This has been a busy week! It is always encouraging when seeds that have been sown many months ago begin to start to bear fruit. There are three key issues that I think may be of interest to you and that give you opportunities to influence the future of kidney care;
Development of the National Diabetes and Kidney Support Team (NDKST)
The Office of the SHAs has this week given approval for the transformation of the National Diabetes Support Team to become the National Diabetes and Kidney Support Team (NDKST). This is more than just a name change. It is an opportunity for us to create a structure of support mechanisms to implement kidney care improvement across England. An important part of us developing the central functions and local kidney care interface of the NDKST is taking the time and opportunity to listen to the views and aspirations of all of the kidney community; children and adults, patients and families, primary care and commissioners, specialised multidisciplinary teams managing advanced CKD as well as secondary and tertiary services involved in the management of Acute Kidney Injury
I am delighted that Bev Matthews, Manager of the West Midlands Renal Network, has agreed to a secondment to the Renal Policy Team at the Department of Health to help shape the concept and vision of what the future NDKST structure will look like.
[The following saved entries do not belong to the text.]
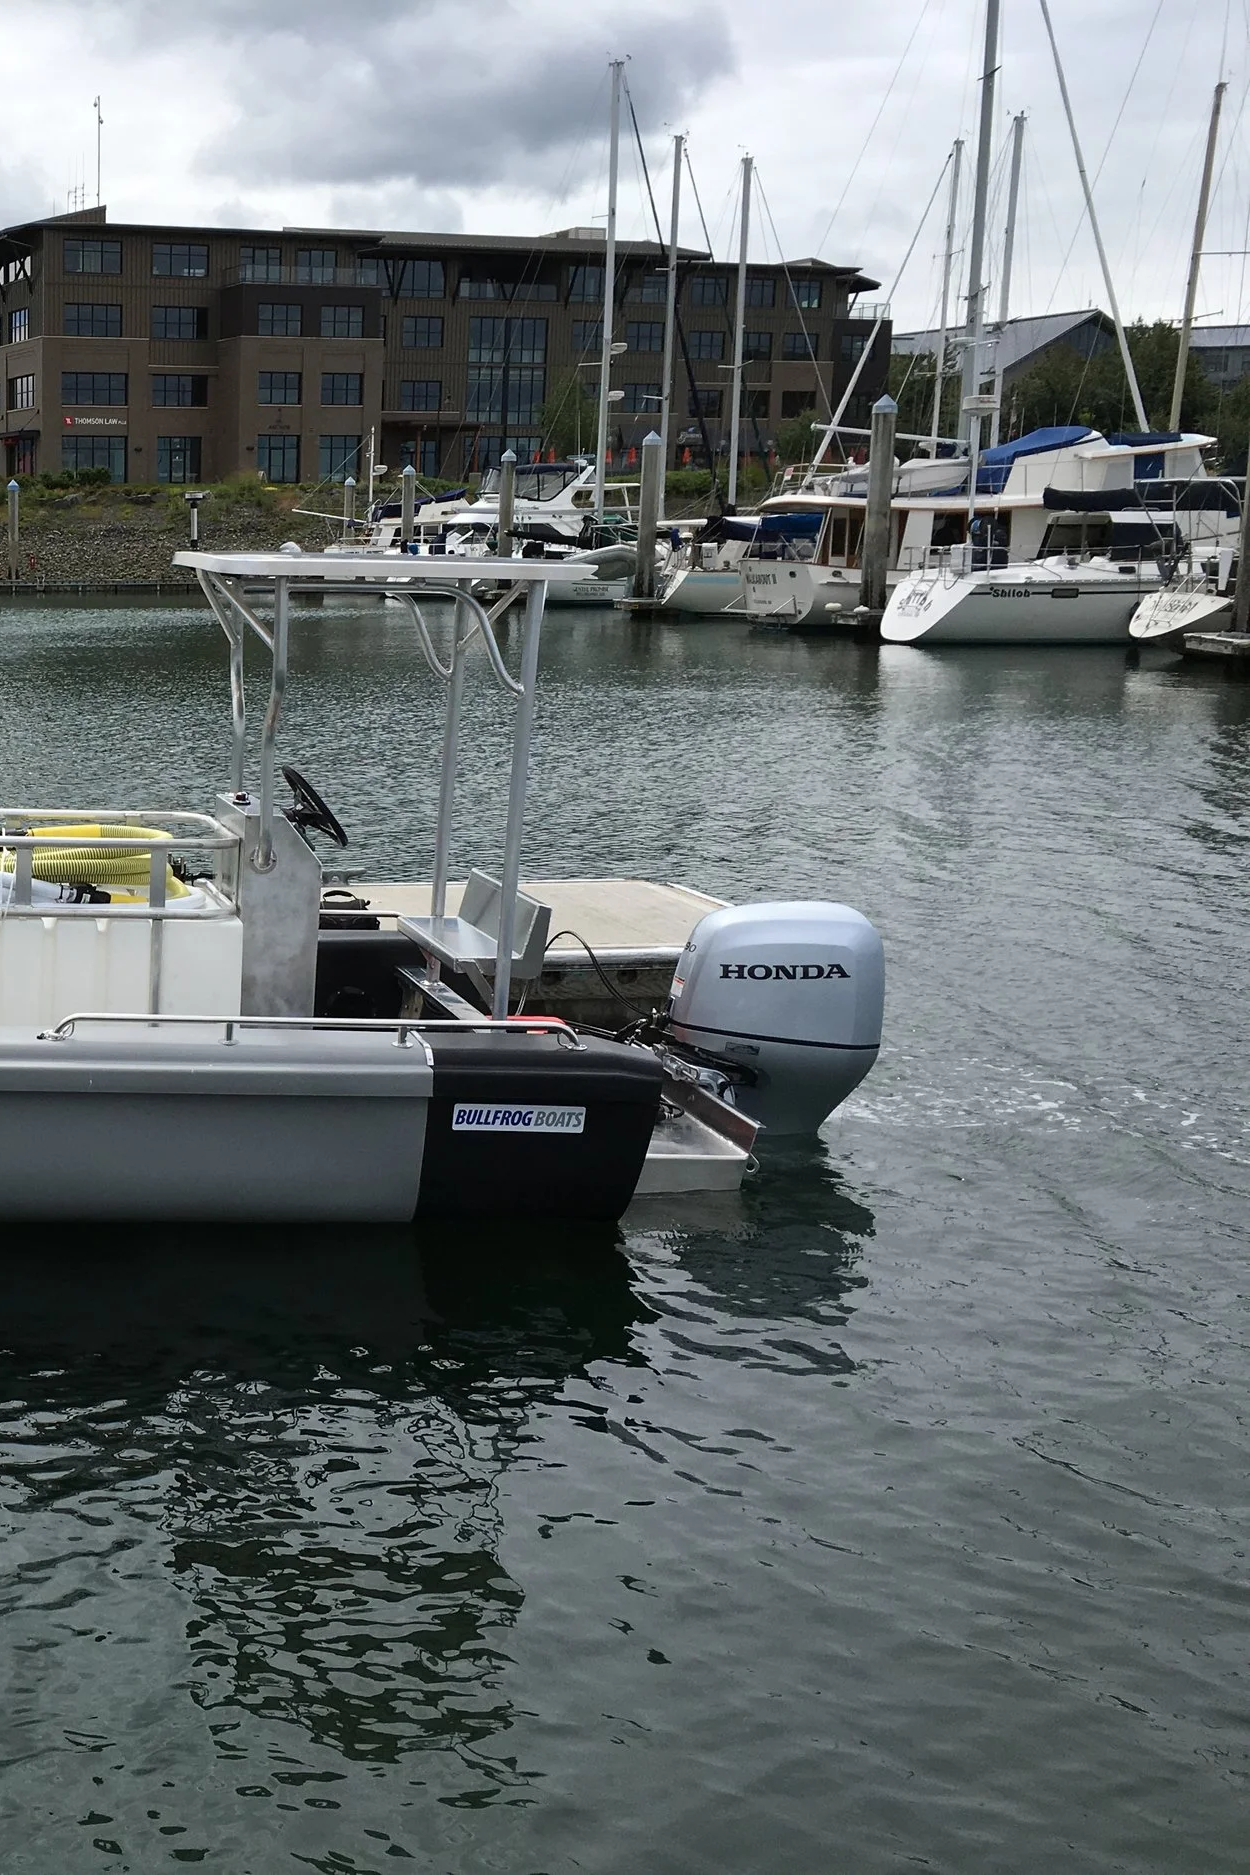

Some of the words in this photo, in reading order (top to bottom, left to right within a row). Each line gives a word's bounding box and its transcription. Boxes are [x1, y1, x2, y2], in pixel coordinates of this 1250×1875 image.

[75, 417, 104, 425] THOMSON
[104, 417, 118, 425] LAW
[719, 963, 851, 980] HONDA
[454, 1109, 534, 1127] BULLFROG
[533, 1110, 584, 1128] BOATS
We would welcome your contribution – please get involved by reading more about the NDKST at the end of this blog and sharing your thoughts on the key issues.
Vascular Risk Assessment
On Tuesday morning the Government announced plans for the NHS to introduce a systematic and integrated programme of vascular risk assessment and management for those aged between 40 and 74. It released a document which explains in more depth what vascular disease is, why undertaking risk assessment and management is important, and how these checks might be performed throughout England.
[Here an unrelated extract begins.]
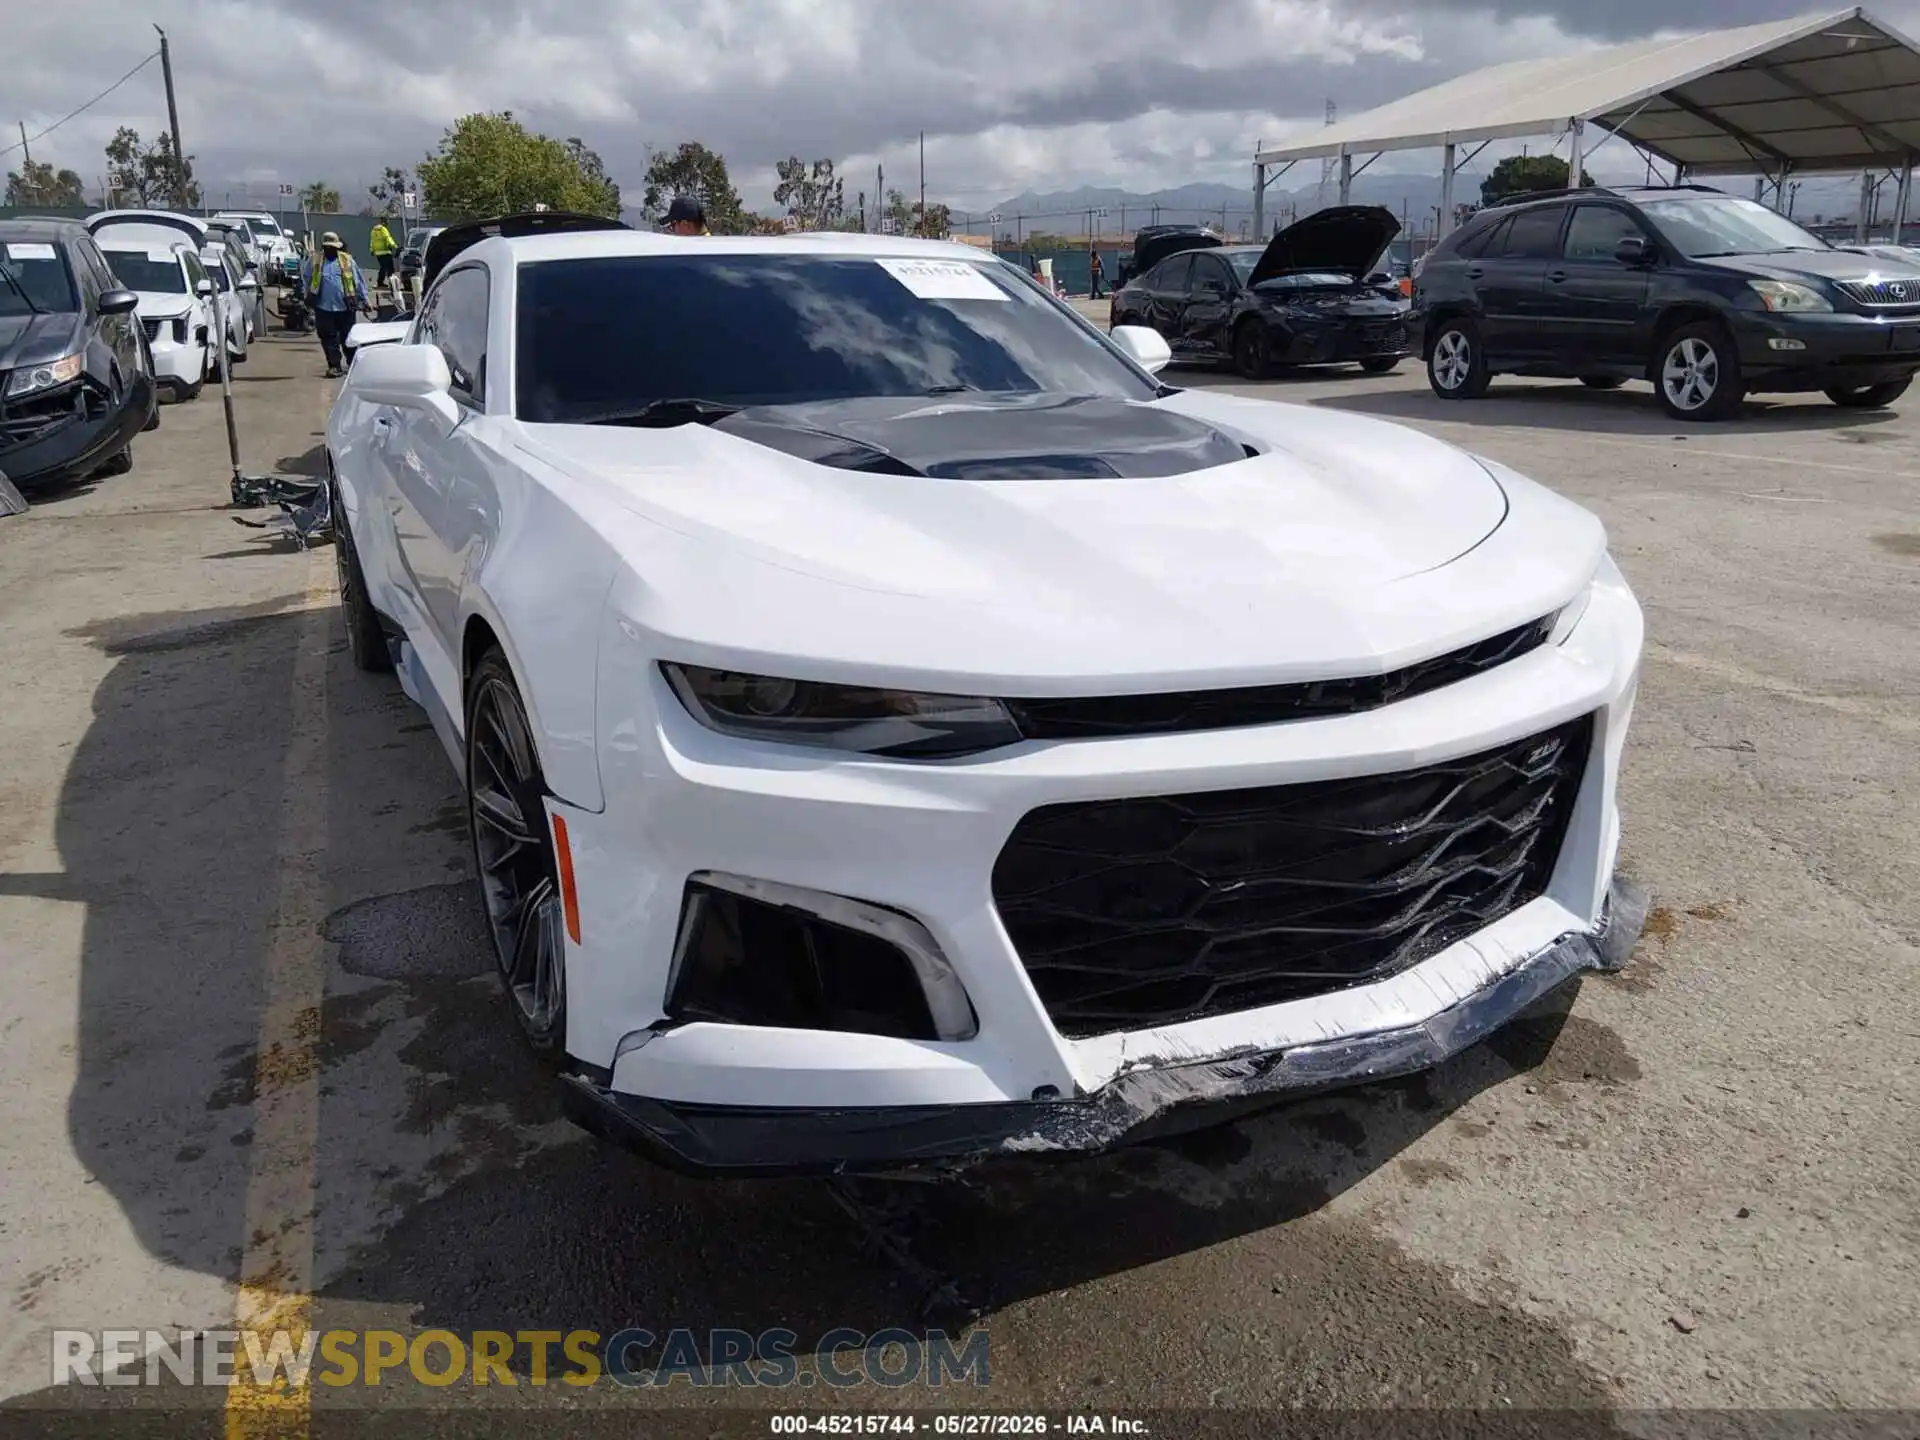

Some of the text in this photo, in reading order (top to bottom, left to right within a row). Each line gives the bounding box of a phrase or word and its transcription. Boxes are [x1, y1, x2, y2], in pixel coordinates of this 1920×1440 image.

[107, 176, 122, 187] 19
[279, 184, 293, 195] 18
[405, 195, 417, 206] 17
It calls for stakeholders to work with the Department of Health to help develop the approach to implementation and delivery over the next few months and in due course you will hear more detail about the ways in which you can engage in this work.
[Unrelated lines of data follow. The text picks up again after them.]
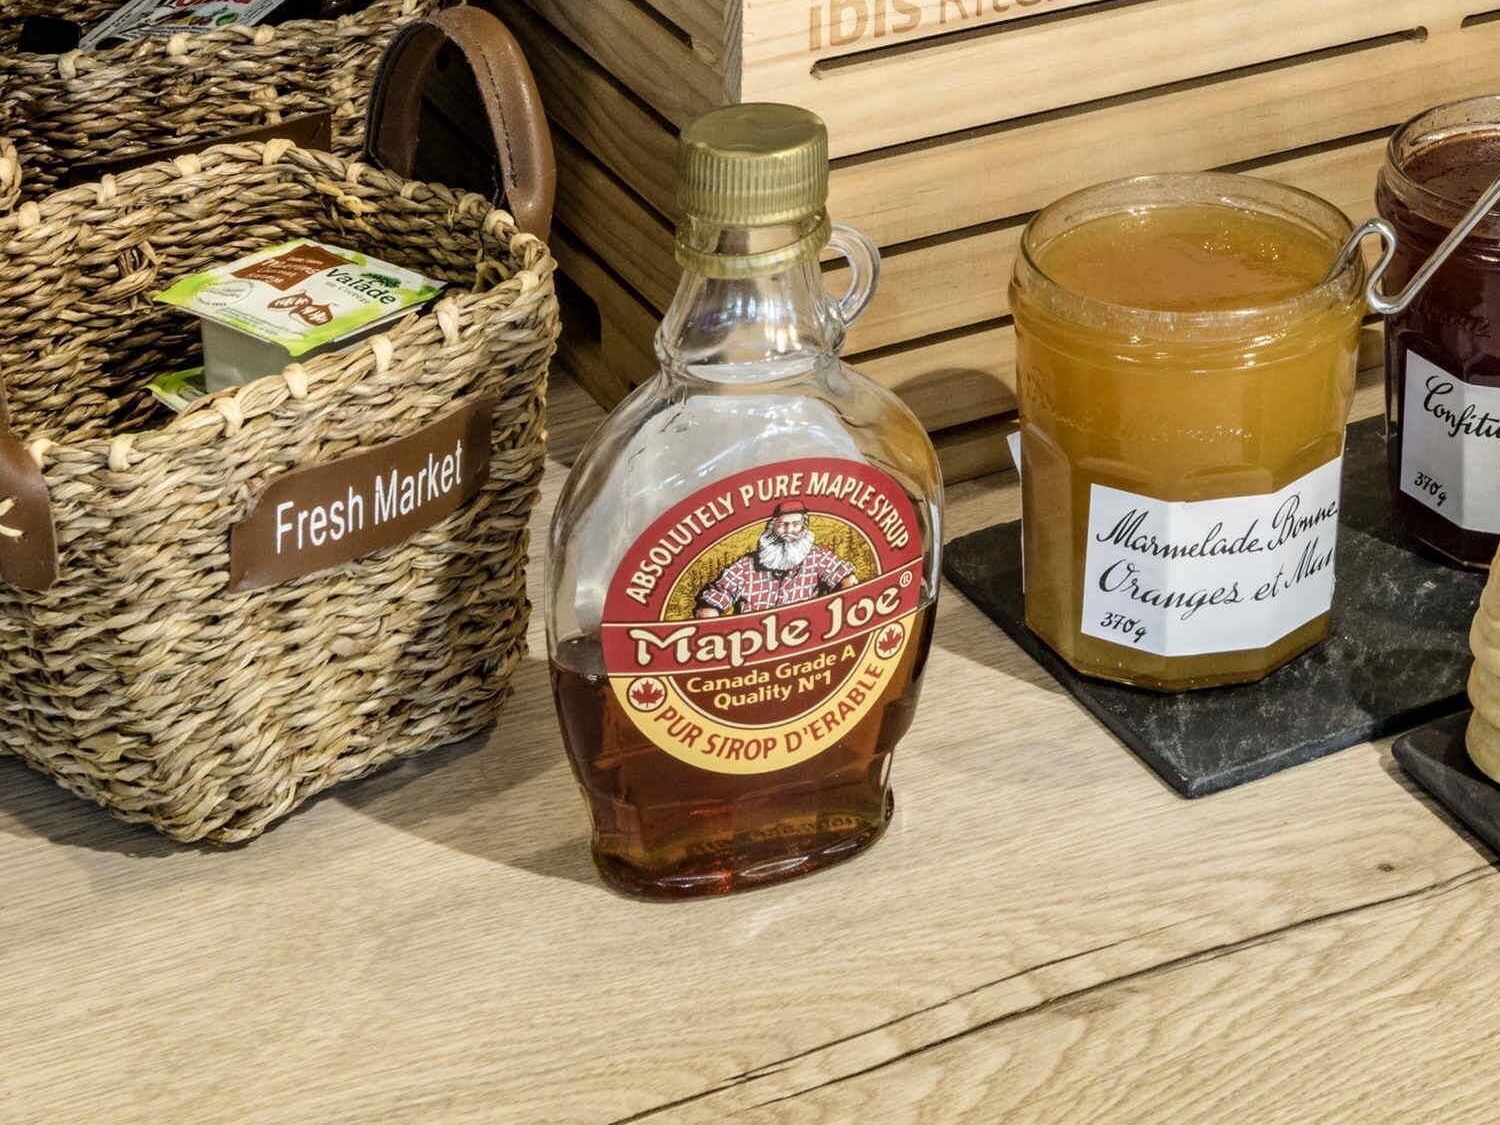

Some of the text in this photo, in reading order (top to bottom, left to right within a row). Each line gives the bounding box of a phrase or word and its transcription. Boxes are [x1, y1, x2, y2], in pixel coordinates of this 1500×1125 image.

[326, 268, 396, 305] Valade
[275, 438, 463, 555] Fresh Market
[1096, 490, 1339, 560] Marmelade Bonne
[626, 471, 910, 605] ABSOLUTELY PURE MAPLE SYRUP
[1099, 558, 1244, 622] Oranges
[1253, 565, 1285, 602] et
[629, 614, 811, 667] Maple
[686, 643, 858, 693] Canada Grade A
[654, 661, 885, 762] PUR SIROP D'ERABLE
[713, 682, 793, 711] Quality
More details on the announcement and publication can be found on the DH website
Appointment of a National Clinical Director for Transplantation
I am delighted to see Chris Rudge appointed as NCD for Transplantation. It is an important time for the transplant community to have this leadership role within the Department of Health to implement the recommendations of the Organ Donor Taskforce. The renal and transplant policy teams will continue working together as a team to ensure all kidneys donated are transplanted into the most suitable recipients.
National Diabetes and Kidney Support Team (NDKST)
The publication of the Renal NSF in 2004 focused our hearts and minds on meeting the Standards (Part 1) and Quality Requirements (Part 2) with limited resources in comparison to Cardiac and Cancer services for example.
There have been patches of commitment to innovation and improvement, such as the West Midlands Renal Network and the Guys and Thomas’ Modernisation Initiative where local investment has enabled health economies to maintain a kidney care focus. With this in mind I have been exploring opportunities for generating a resource for Kidney Care to develop, and enhance, structures for improving kidney care across England.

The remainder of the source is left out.